BRIEF: For this exercise, copy the data exactly and omit any images.

(Saved data entries)
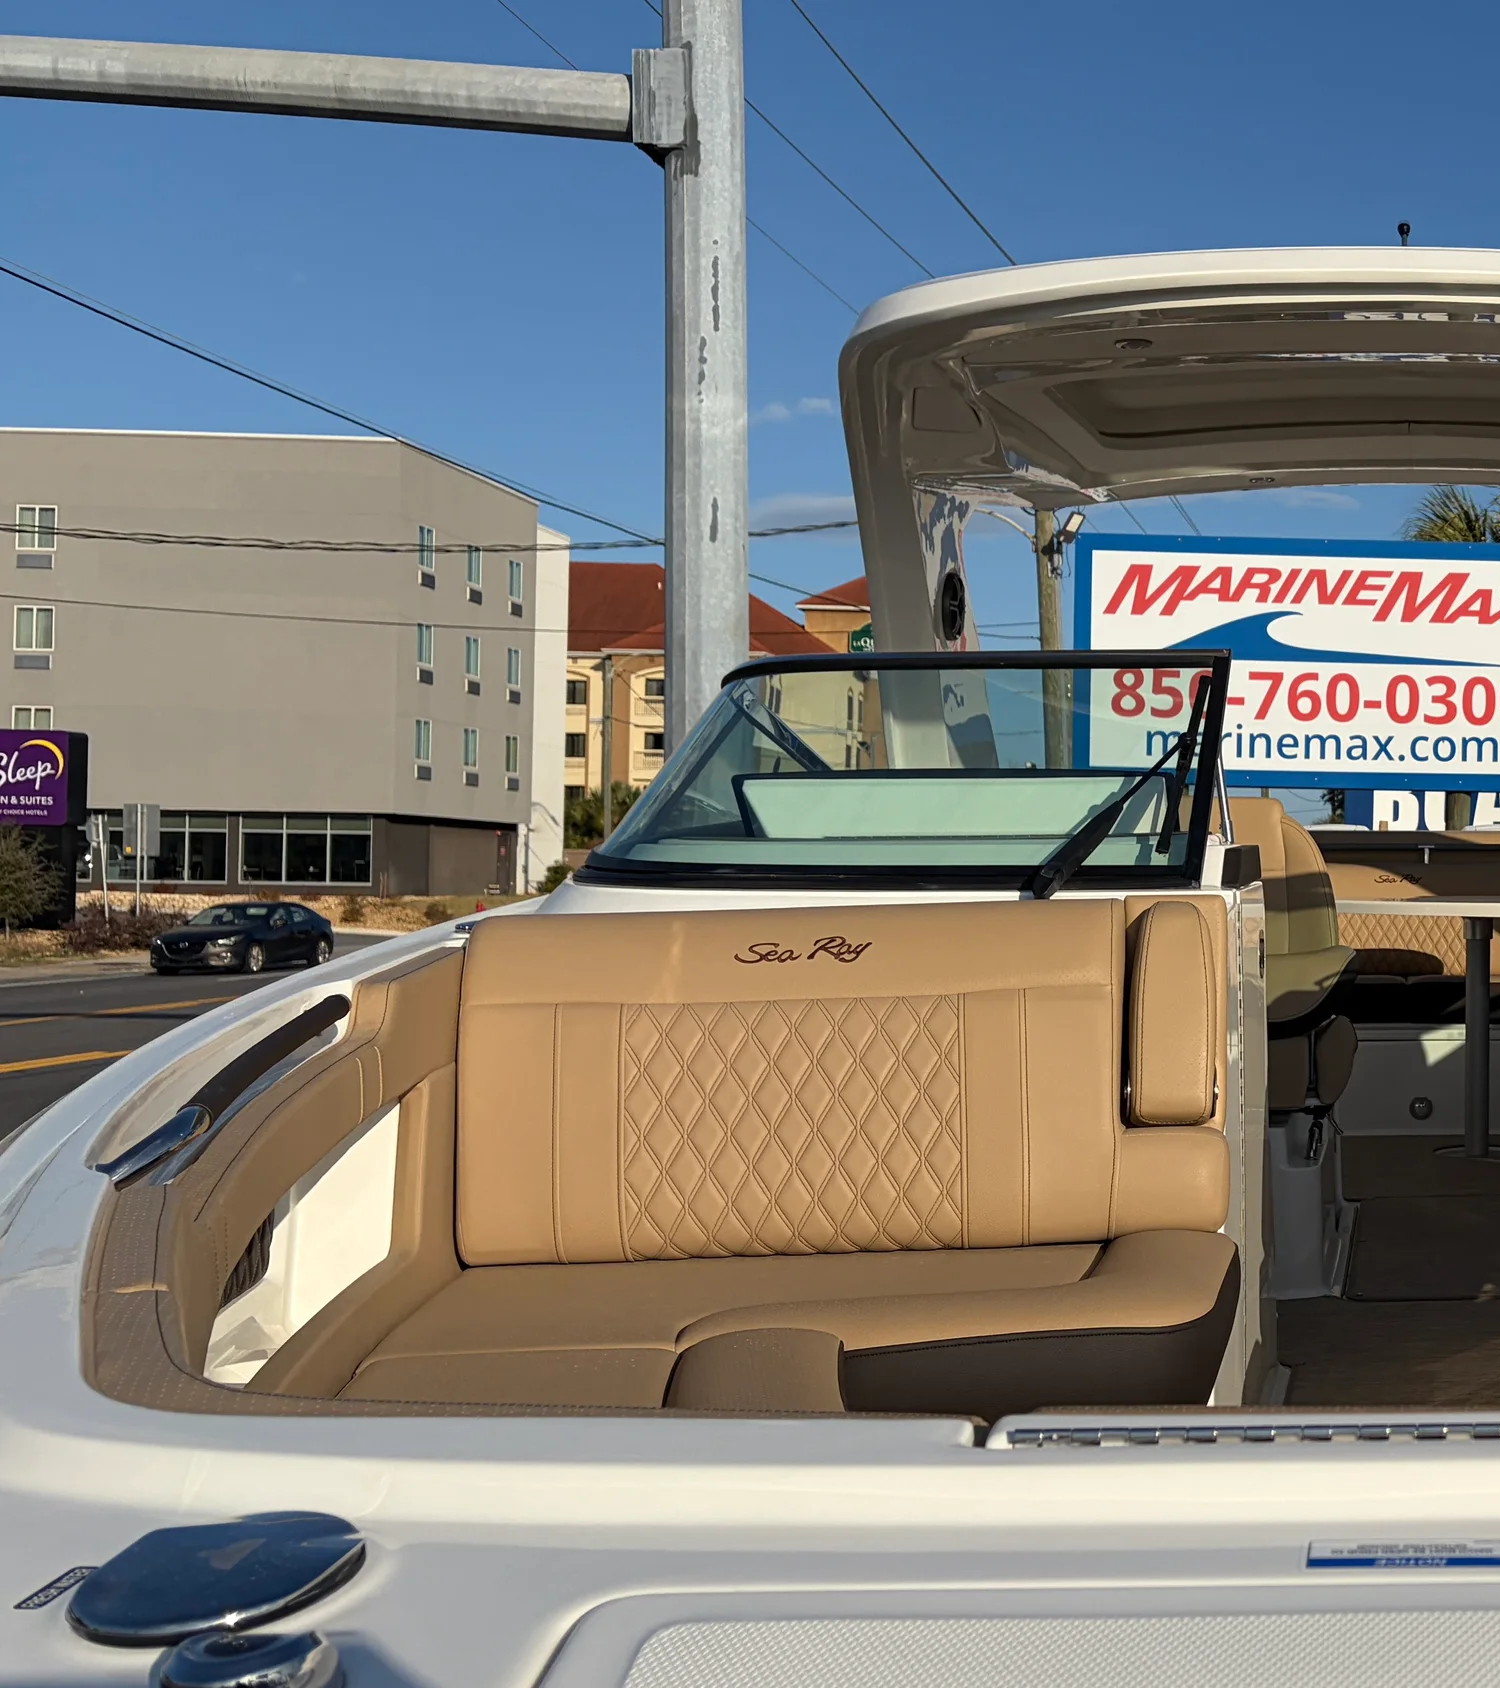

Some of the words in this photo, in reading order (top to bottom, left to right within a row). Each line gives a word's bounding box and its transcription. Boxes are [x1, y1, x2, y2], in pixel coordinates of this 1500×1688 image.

[1146, 723, 1498, 763] minemax.com
[20, 796, 53, 805] SUITES
[734, 942, 802, 964] Sea
[806, 935, 873, 964] Ray

EXERCISE OUTPUT:
Some of the words in this photo, in reading order (top to bottom, left to right within a row). Each line gives a word's bounding box and its transcription. Boxes are [x1, y1, x2, y2], in pixel coordinates of this 1500×1688 image.

[1146, 723, 1498, 763] minemax.com
[20, 796, 53, 805] SUITES
[734, 942, 802, 964] Sea
[806, 935, 873, 964] Ray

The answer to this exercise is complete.